◆ Activity ◆
Below are the records; copy each line in which "phrase" occurs.

◆ Entries supplied ◆
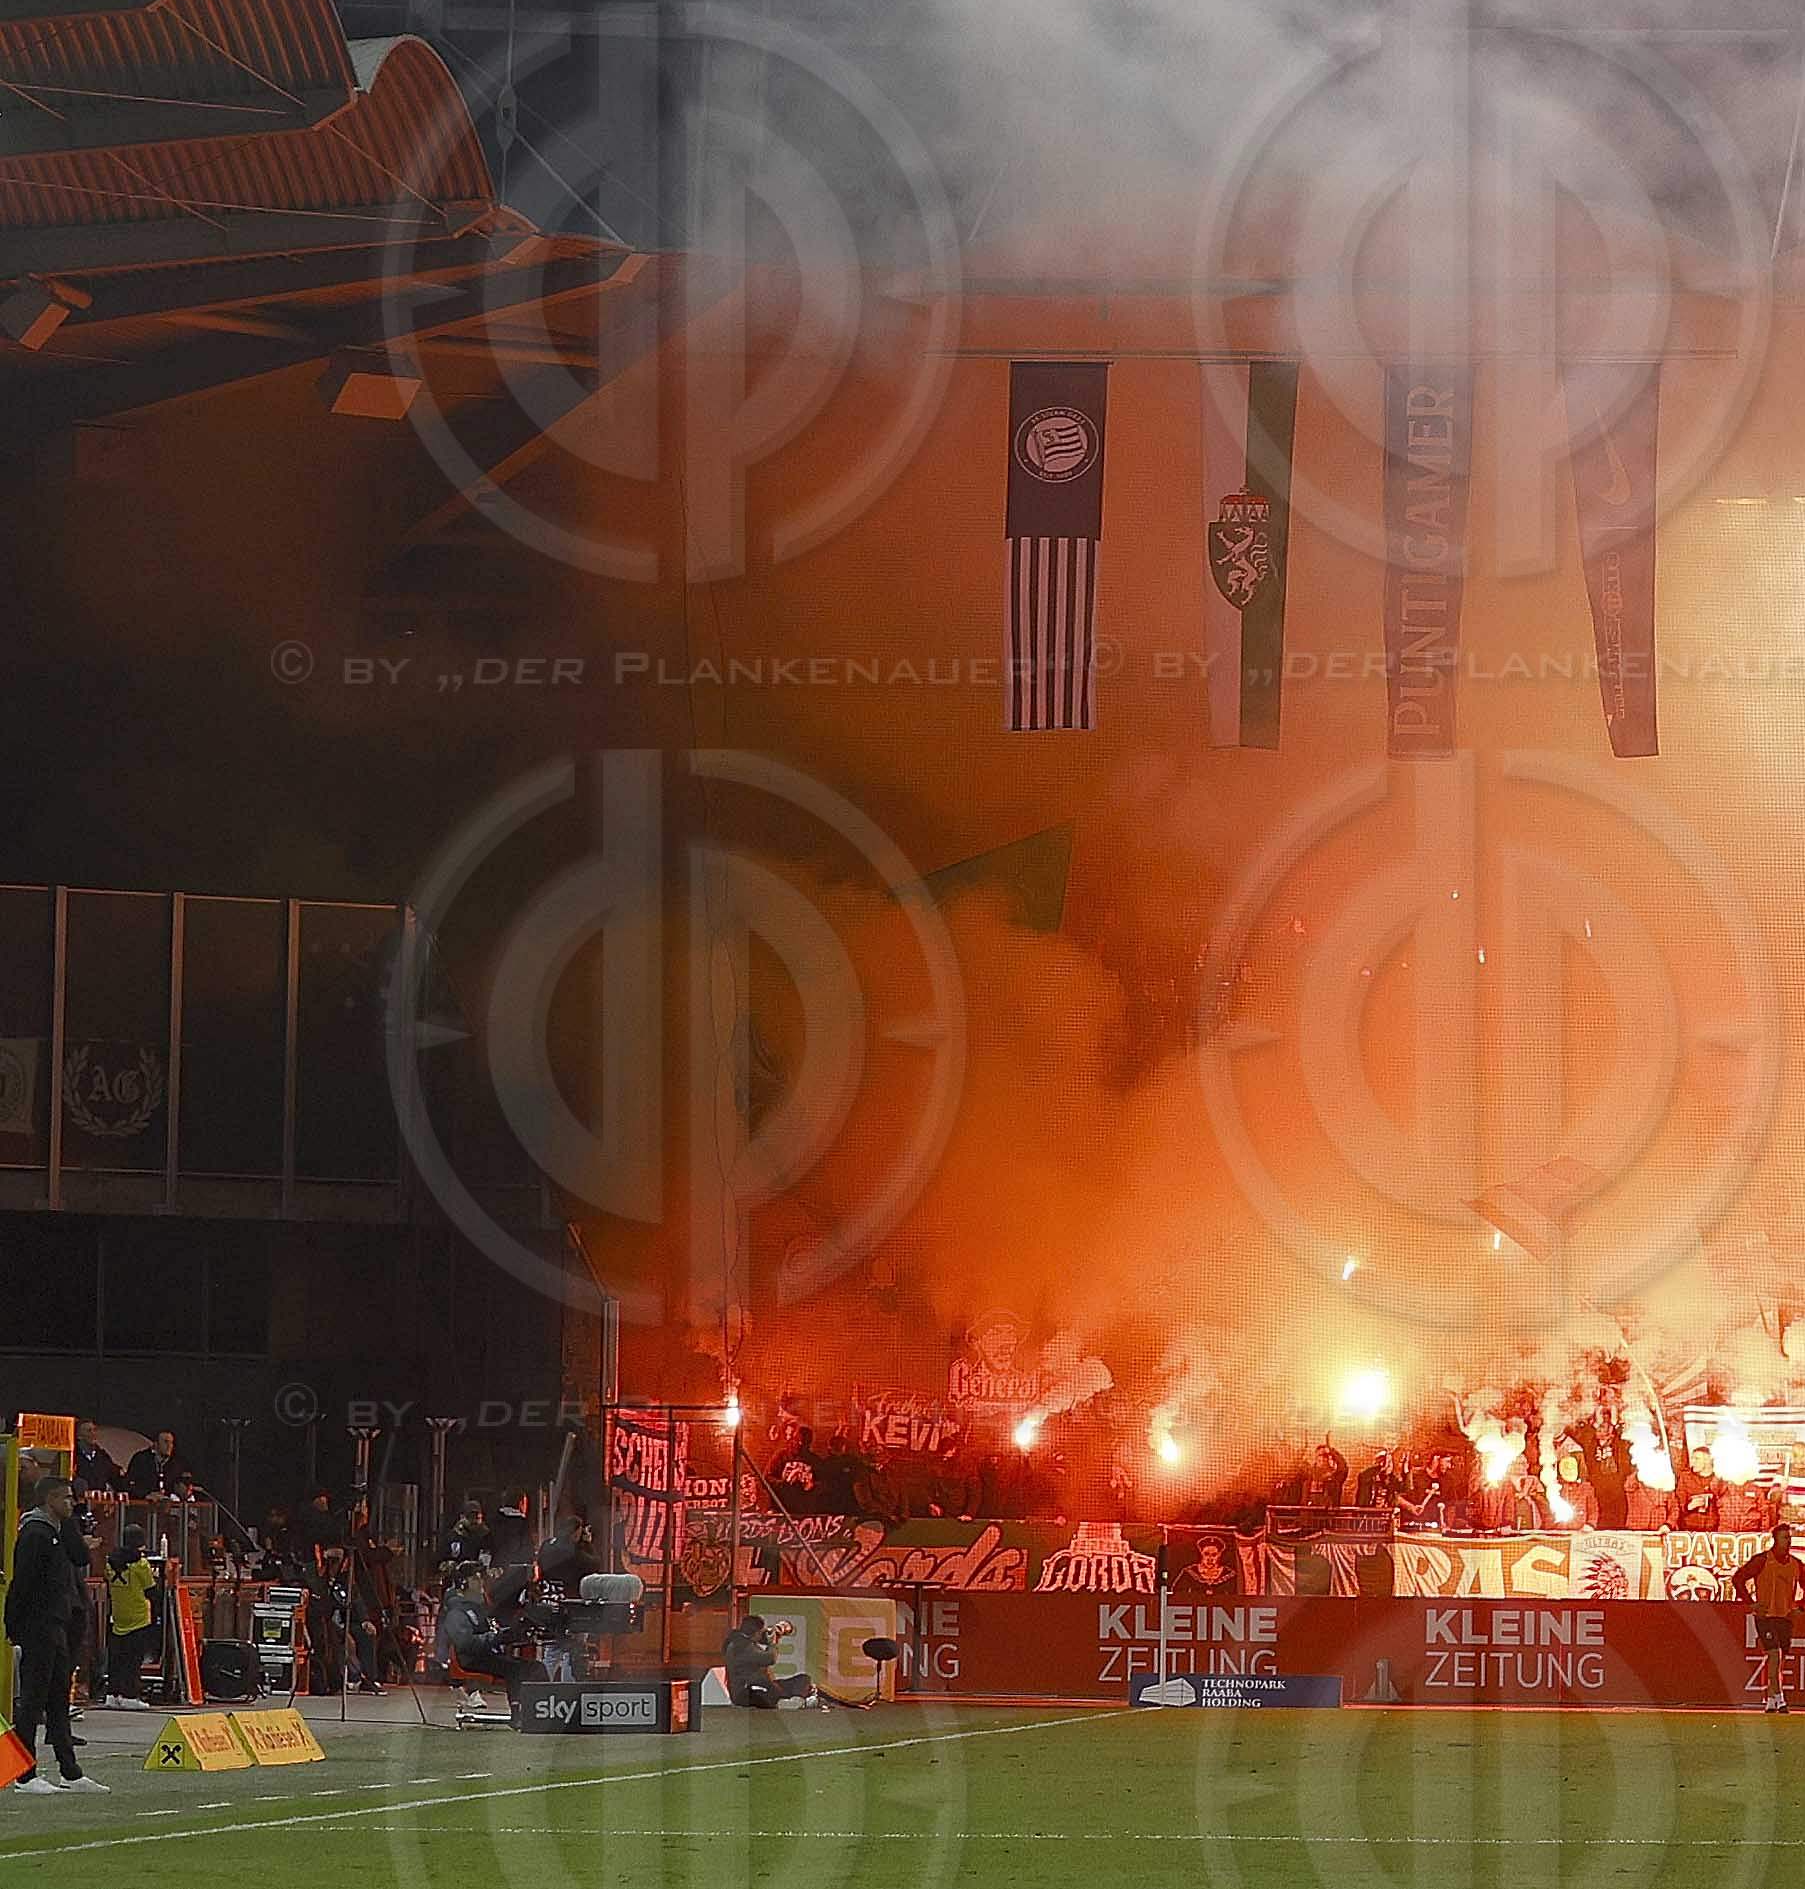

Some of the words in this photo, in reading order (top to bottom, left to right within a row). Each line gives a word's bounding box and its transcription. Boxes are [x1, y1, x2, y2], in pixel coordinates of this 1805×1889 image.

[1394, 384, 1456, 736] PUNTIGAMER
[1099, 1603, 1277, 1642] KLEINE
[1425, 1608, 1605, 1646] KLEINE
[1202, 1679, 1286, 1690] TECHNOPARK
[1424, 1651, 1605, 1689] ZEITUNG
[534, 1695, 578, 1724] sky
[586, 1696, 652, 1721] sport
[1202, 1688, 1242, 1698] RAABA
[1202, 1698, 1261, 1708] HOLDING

---

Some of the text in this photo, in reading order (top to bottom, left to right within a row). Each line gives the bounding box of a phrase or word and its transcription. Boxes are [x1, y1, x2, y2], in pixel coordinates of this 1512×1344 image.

* * *

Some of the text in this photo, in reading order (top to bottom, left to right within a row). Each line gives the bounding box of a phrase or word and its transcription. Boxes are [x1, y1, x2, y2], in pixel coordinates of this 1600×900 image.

◆ Task response ◆
Some of the text in this photo, in reading order (top to bottom, left to right within a row). Each line gives the bounding box of a phrase or word and its transcription. Boxes are [x1, y1, x2, y2], in pixel coordinates of this 1512×1344 image.
Some of the text in this photo, in reading order (top to bottom, left to right within a row). Each line gives the bounding box of a phrase or word and its transcription. Boxes are [x1, y1, x2, y2], in pixel coordinates of this 1600×900 image.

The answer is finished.